(DIRECTIONS) Search the entries for lines that contain the word "Aptima", and report each one found.

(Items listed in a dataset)
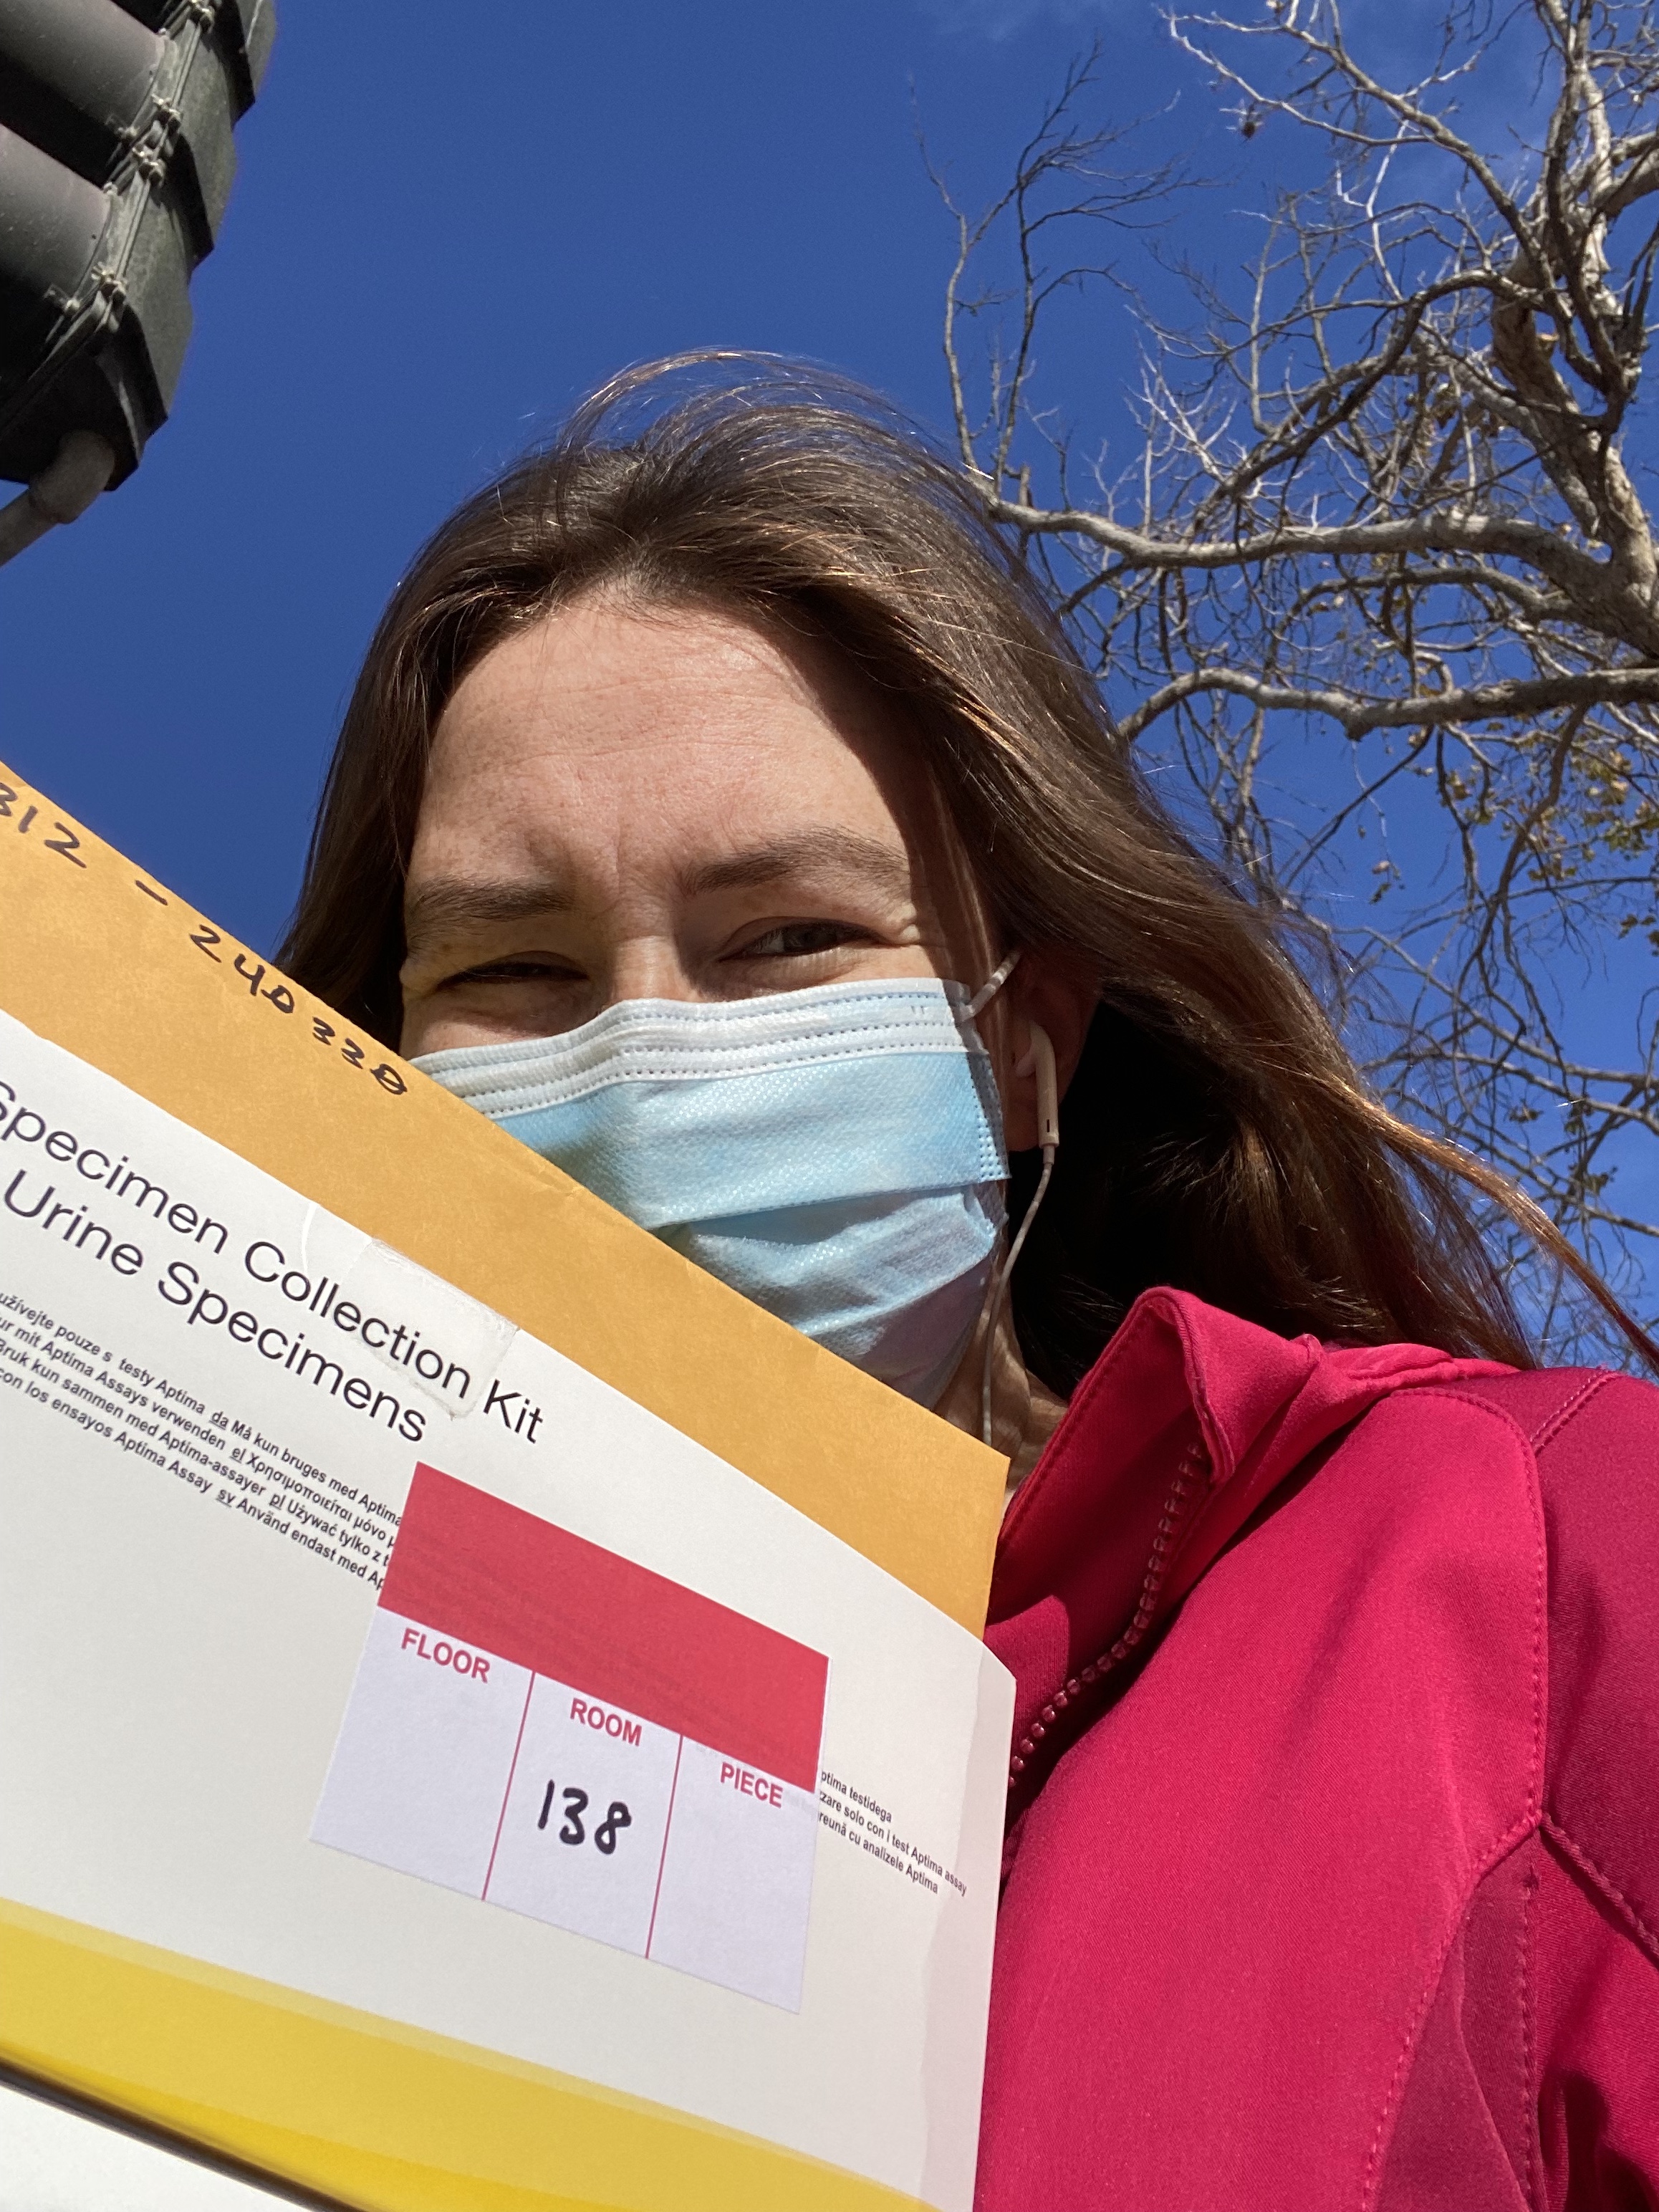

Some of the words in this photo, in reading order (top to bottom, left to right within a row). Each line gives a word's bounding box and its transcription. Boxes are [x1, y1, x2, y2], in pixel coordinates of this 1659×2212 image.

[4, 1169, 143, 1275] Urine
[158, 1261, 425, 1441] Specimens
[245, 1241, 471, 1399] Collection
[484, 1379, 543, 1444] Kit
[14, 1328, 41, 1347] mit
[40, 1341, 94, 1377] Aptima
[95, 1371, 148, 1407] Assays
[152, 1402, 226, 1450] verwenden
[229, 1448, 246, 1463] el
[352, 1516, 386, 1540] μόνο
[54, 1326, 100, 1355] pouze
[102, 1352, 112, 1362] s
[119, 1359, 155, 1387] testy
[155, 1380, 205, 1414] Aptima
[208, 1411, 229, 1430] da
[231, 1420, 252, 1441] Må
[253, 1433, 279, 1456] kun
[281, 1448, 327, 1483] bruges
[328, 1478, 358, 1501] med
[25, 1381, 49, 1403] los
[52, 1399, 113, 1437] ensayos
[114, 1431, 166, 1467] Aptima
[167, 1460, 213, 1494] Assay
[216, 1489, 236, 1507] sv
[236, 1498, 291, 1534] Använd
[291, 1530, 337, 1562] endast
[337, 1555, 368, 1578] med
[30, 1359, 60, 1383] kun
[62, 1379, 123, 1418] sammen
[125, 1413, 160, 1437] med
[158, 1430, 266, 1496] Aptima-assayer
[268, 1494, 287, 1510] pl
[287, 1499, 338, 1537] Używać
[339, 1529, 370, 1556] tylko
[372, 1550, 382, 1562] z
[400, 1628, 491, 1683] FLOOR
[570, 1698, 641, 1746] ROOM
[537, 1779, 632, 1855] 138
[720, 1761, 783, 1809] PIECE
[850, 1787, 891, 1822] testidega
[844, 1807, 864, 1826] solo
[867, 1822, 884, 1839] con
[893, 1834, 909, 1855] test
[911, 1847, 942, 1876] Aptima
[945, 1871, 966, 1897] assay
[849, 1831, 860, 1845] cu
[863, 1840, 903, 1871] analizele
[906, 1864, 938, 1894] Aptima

(WRITTEN SOLUTION)
[40, 1341, 94, 1377] Aptima
[155, 1380, 205, 1414] Aptima
[114, 1431, 166, 1467] Aptima
[158, 1430, 266, 1496] Aptima-assayer
[911, 1847, 942, 1876] Aptima
[906, 1864, 938, 1894] Aptima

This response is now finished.